Nature on our doorsteps: On the hunt for sugar . . .
Adult wasps feed only on sugar from nectar and aphid honeydew.

Nature on our doorsteps: On the hunt for sugar . . .

In autumn, wasps appear to become much more inquisitive and persistent around us, causing panic for some people.

These wasps are not looking to sting us for no reason, however. They are simply on the hunt for sugar.

Adult wasps feed only on sugars. They sip nectar from flowers and lick aphid honeydew from leaves.

They are also hunters, however, which makes them an important part of the food chain.

They hunt for flies and other small insects and spiders and bring these back to their nests where they chew them into small pieces and feed them to their carnivorous larvae.
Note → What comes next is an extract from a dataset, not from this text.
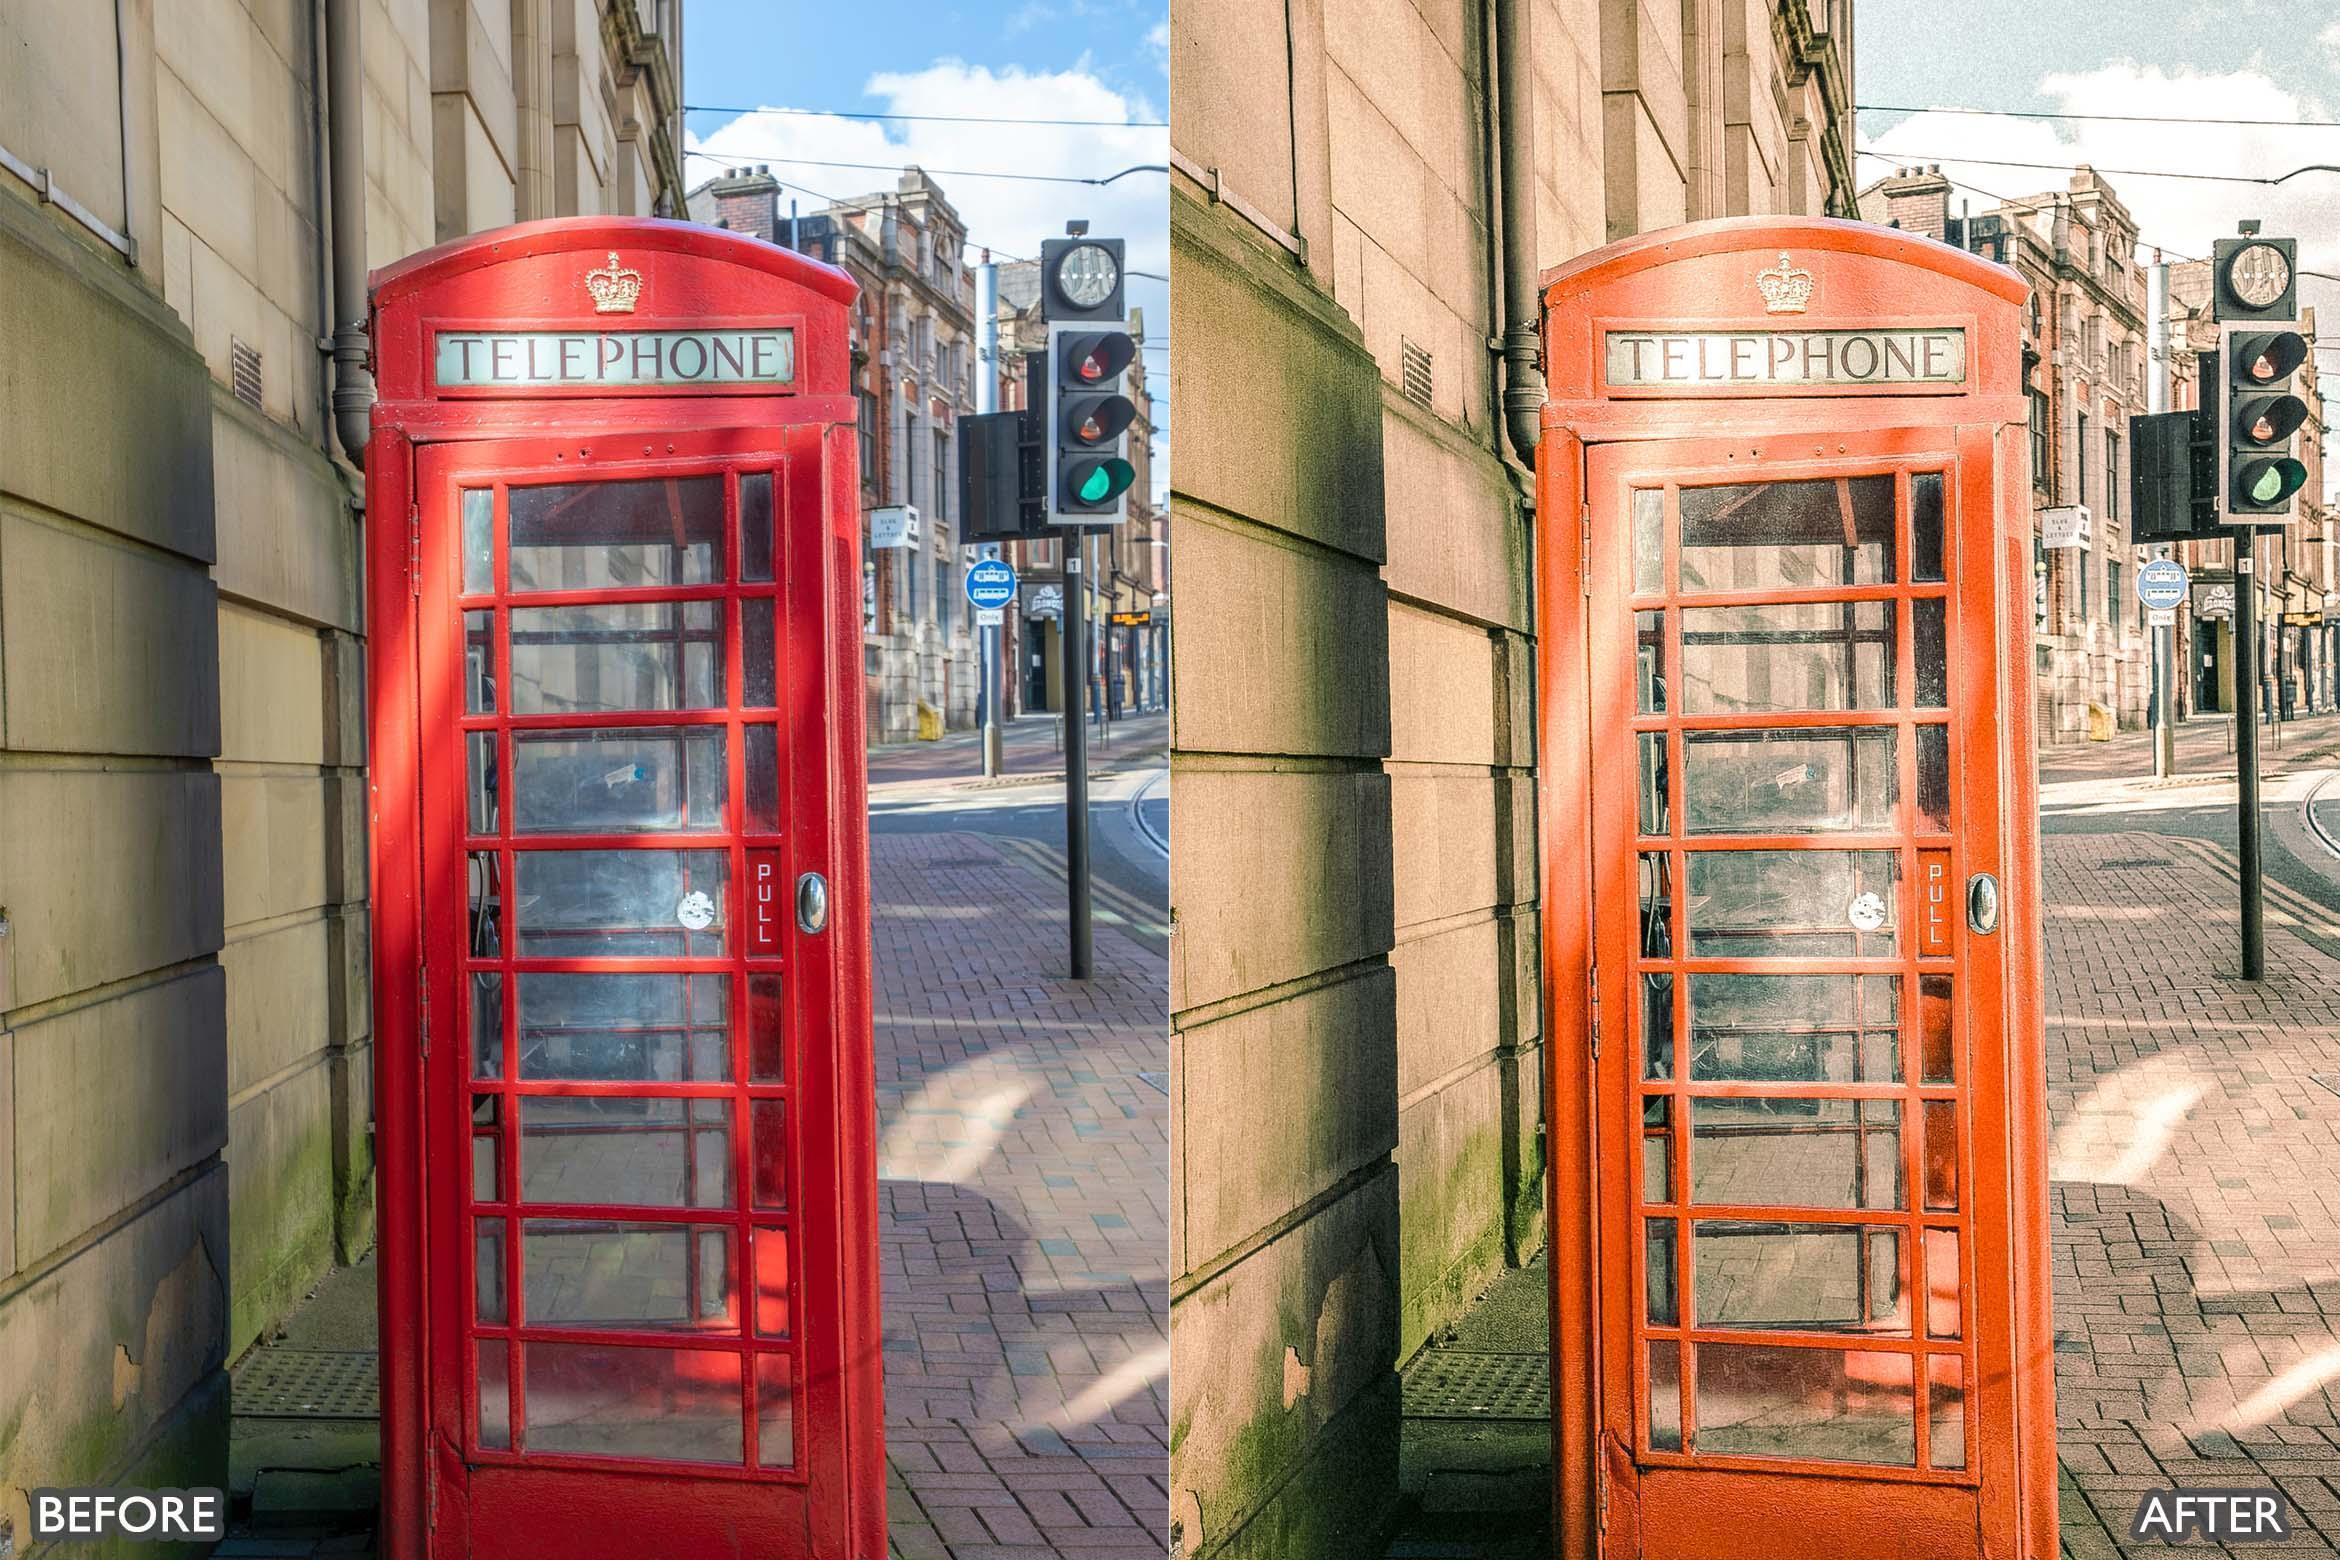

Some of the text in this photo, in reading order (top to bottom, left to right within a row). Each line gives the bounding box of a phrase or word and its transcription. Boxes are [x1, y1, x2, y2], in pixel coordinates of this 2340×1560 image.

[449, 335, 778, 381] TELEPHONE
[1619, 335, 1949, 380] TELEPHONE
[758, 864, 772, 943] PULL
[1929, 864, 1943, 944] PULL
On being fed, the larvae produce a little drop of sugar which the adult eats.

This ‘bribe’ ensures that the adult wasp keeps returning with food.

Wasps themselves are also prey for other creatures like spiders

In the growing season, it also keeps the adult focused on hunting prey, and not bothering us.

This system falls apart in late summer, however, when the old queen dies and the newly mated queens leave the nest.

There are no more larvae to be fed, and there are no more sugary bribes for the workers. The wasps are also leaderless, and no longer have a focus.

This makes them very irritable.

The adults will try flowers for nectar for a while, but as there is usually much more sugar available around us when we eat and drink outdoors, they visit us instead.

As autumn progresses, the remaining wasps eventually die from starvation and cold.